I hate the people that put a large weight on the bench press, sit down and talk on their mobile for 20 mins so everybody looks at them with 40k either side then after 20 mins get up and go.
I hate the people who wear beenie hats in the gym?? what r they thinkin?
I hate the people that slide the weights straight from the bench press bar 4 foot down onto the floor! I cant wait till one lands on their foot.
I hate the fat middle age men that feel the need to wear a back support belt constanly through the session, YOUR DOING BICEPT CURLS FFS!!
And I wonder why i prefer to go to my mates garage even though im paying £50 per month for a top of the range gym.
SetoN
____
On topic, I hate the people that talk on their mobiles while your trying to concentrate on lifting.
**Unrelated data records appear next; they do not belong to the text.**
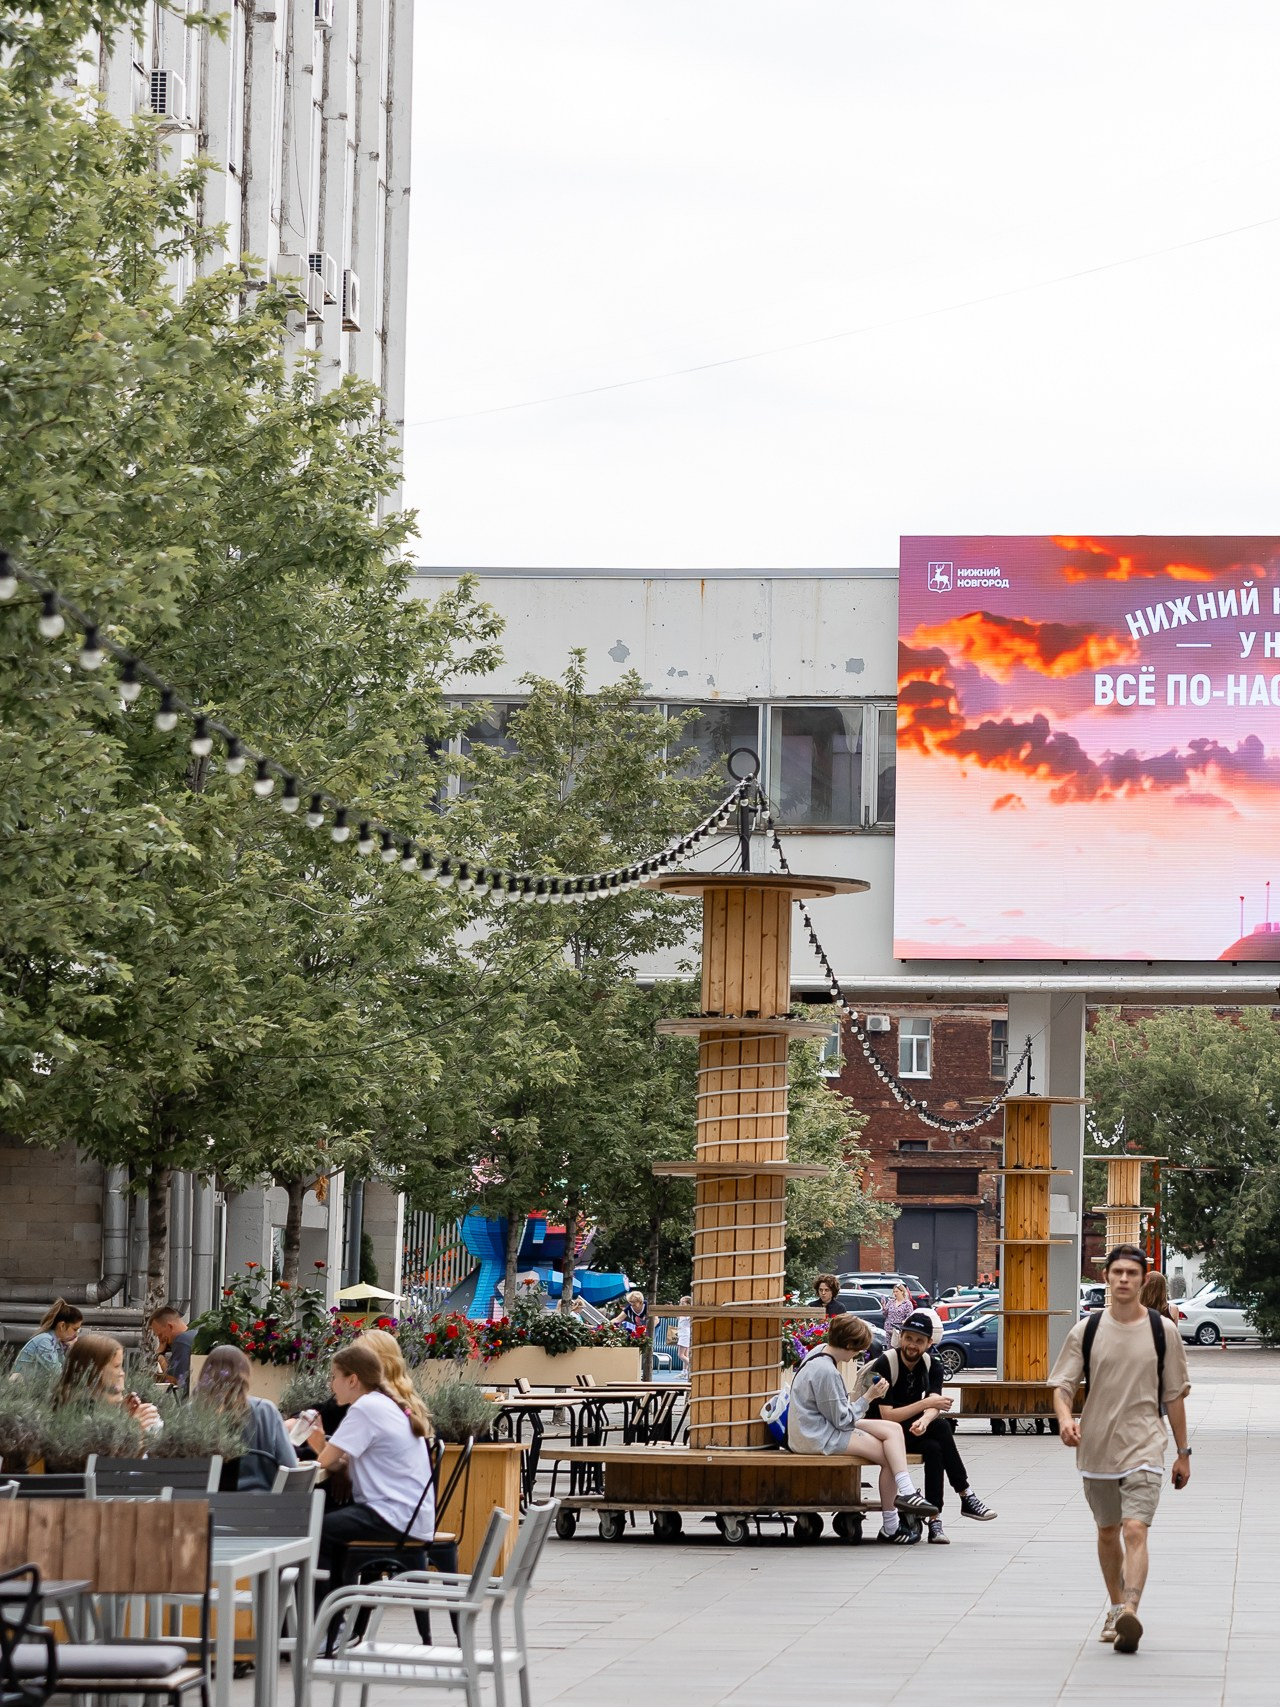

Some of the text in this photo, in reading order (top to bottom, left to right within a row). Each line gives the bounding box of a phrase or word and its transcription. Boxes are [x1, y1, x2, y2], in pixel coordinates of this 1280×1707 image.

[957, 567, 1001, 577] НИЖНИЙ
[957, 579, 1010, 588] НОВГОРОД
[1124, 580, 1260, 640] НИЖНИЙ
[1238, 631, 1257, 659] У
[1094, 665, 1156, 706] ВСЁ
I hate the people that put a large weight on the bench press, sit down and talk on their mobile for 20 mins so everybody looks at them with 40k either side then after 20 mins get up and go.
I hate the people who wear beenie hats in the gym?? what r they thinkin?
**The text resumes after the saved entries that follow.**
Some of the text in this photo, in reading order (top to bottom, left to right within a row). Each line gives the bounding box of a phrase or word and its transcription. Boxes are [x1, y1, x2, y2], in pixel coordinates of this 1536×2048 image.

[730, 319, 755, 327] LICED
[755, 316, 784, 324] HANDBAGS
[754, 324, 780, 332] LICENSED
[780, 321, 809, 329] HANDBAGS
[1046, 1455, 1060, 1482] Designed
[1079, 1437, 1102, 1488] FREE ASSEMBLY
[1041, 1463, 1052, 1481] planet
I hate the people that slide the weights straight from the bench press bar 4 foot down onto the floor! I cant wait till one lands on their foot.
I hate the fat middle age men that feel the need to wear a back support belt constanly through the session, YOUR DOING BICEPT CURLS FFS!!
And I wonder why i prefer to go to my mates garage even though im paying £50 per month for a top of the range gym.